Bill I haven't forgotten you or the depth of your love for Stacey, I think about you often. Most of us have faced the loss of someone that we love and we can relate to the pain. Somehow I perceive that the greatest heartache of all is that of the father facing the death of a daughter. I have two daughters who are my world as Stacey was the world to you. I hope that as time has passed you have found some comfort and some peace in all that you and Stacey had together. Peace and comfort in the knowledge that Stacey knew how much that she was loved and in the knowledge that she loved you so much. I believe that in the broad scheme of life it will be just a short time before you will look upon her smiling face once again. Tears of joy will fill your eyes and that heartache will be as it never was.

Your Friend,

Paul White

The little fish.

August 1, 2011

Pa Henry bought a kiddie wading pool and filled it with water in his back yard.  He made fishing poles (2) and tied lifesvers to the string.  Heidi and Stacey would jump in and be the fish and pa would go fishing for those little girls for hours.  I do not think he ever caught a fish becase these were well trained fish.  They would eat the lifesavers of the string and keep swimming till the "bait" ran out!   In the quietness of this day I can still hear Stacey's little giggle.  I know she is in a better place but she is missed.  You did a great job with that little fish Bill and Shiela!

Nutz -n- Fudge

May 16, 2011

 

“How lucky I am to have something

that makes saying goodbye so hard”

 

I have been meaning to write this for sometime now. At first I couldn't, I just wasn't ready. Then there was no time, no internet, no whatever. But everything happens for a reason and today, now is my time, not to say goodbye, to remember and smile at the treasured memories I shared with an amazing person. Today I needed strength. Today I needed to remember Stacey.

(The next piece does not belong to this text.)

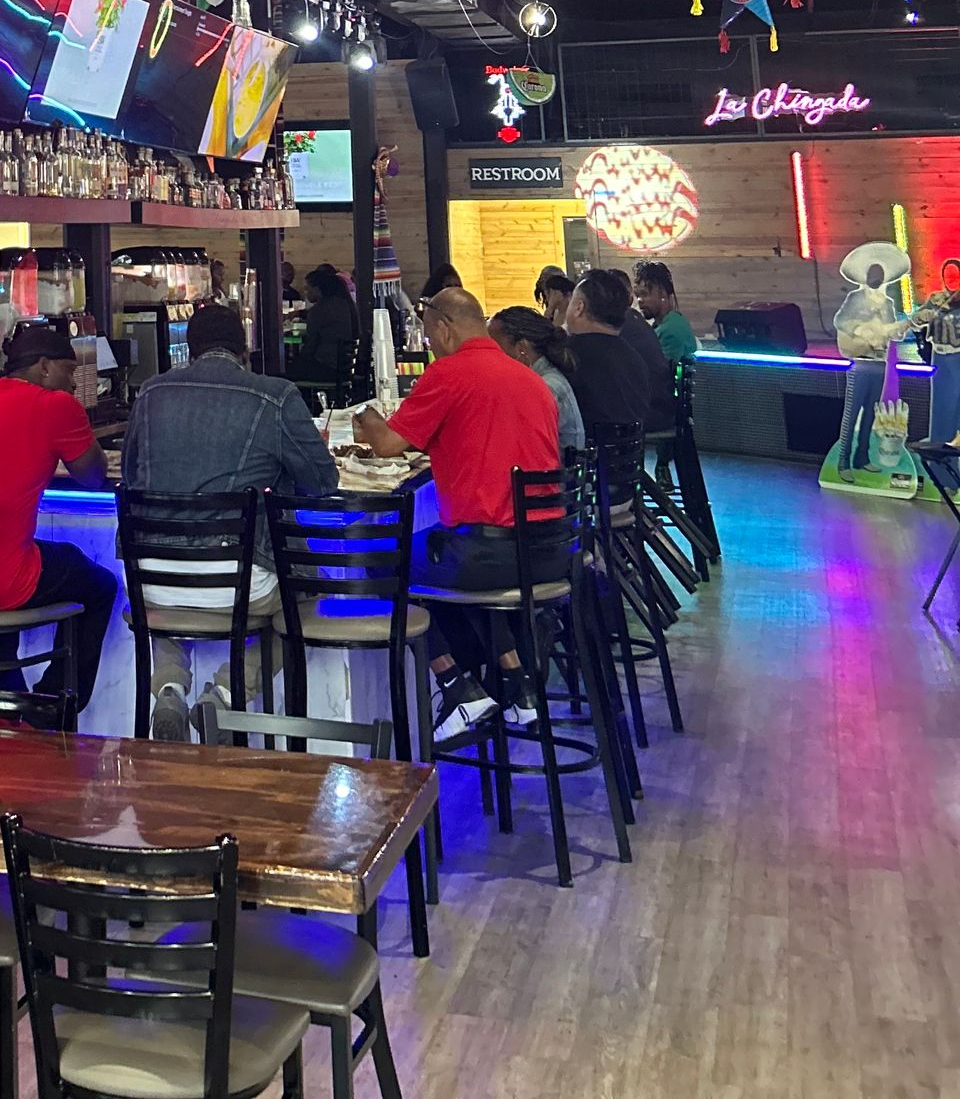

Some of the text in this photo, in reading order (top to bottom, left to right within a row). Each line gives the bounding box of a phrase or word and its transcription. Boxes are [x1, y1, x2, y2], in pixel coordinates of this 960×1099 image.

[521, 82, 547, 93] Corona
[704, 83, 870, 126] La Chingada
[472, 167, 560, 181] RESTROOM

Stacey and I had an 'unconventional' friendship. 9 years ago when I first 'met' her, I knew her as UwouldntBelieve, one of her favourite 311 songs, in an msn chatroom. We just clicked. I had never met a person who was WEIRD as I was! Ha, it was awesome. We would chat for hours about nothing and have the best laughs.

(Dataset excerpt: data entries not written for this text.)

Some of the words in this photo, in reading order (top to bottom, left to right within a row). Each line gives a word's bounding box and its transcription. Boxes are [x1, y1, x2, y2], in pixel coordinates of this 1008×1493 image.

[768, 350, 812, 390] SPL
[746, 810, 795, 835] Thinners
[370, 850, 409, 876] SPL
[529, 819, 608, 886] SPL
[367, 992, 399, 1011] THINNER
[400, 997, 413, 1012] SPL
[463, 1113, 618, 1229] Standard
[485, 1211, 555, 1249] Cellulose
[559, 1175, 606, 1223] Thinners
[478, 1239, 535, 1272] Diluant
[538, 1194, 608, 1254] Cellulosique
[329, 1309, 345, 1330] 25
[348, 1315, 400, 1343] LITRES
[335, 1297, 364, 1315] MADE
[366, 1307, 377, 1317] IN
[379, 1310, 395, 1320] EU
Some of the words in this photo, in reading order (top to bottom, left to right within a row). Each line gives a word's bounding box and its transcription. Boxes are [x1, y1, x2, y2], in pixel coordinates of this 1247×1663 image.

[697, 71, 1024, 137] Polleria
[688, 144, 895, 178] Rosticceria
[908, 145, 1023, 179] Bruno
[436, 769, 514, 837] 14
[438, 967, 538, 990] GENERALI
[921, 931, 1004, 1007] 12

We had the same insane random thought patterns that very few people could follow our conversations. So often we'd type the same thing at the same time. Making up our own gang signs out of baseball signals. We were and always will be Nutz and Fudge, the two best ice cream toppings!

One of my favourite conversations was about a news article. 40 drunken santas raided a town centre stealing and running a muck. They even attacked a Christmas Tree. Part of the conversation...

 

Kung Pao Ninja Hurt (Me) says:

trippin people with garland tied between two trees

Smalls McNinja (Stacey) says:

wearing fake santa beards with signs that say damn the man

Kung Pao Ninja Hurt (Me) says:

posting naughty pictures of the elf's "after hours" party last year

Smalls McNinja (Stacey) says:

LMFAO

Kung Pao Ninja Hurt (Me) says:

hahahahaha

Smalls McNinja (Stacey) says:

mean while one drunk emotion tree sits on the curb holding a box of tooth picks crying, pouring out a little tree water for his fallen homies

Kung Pao Ninja Hurt (Me) says:

all those wrongfully chopped down without a permit

The end of our conversation went a lil something like that....

Smalls McNinja (Stacey) says:

only to find out that walruses are cheap jew like members of the SP [south pole] who don't tip well enough to make a living

Kung Pao Ninja Hurt (Me) says:

This year's christmas show "Rud ‘take its all’ olph"

Smalls McNinja (Stacey) says:

omg omg omg breatheeeeeeeeeee!

Kung Pao Ninja Hurt (Me) says:

HAHAHAHA

Smalls McNinja (Stacey) says:

how is it possible for us to take christmas and turn it into a protest and reindeer porno?

Kung Pao Ninja Hurt (Me) says:

We’re just that good! Great minds like dirty…. I mean alike?

Smalls McNinja (Stacey) says:

nothing is sacred with us lmao

Kung Pao Ninja Hurt (Me) says:

LMFAO aawww life wont be as much fun if it was... and we would never be allowed to speak.. or type!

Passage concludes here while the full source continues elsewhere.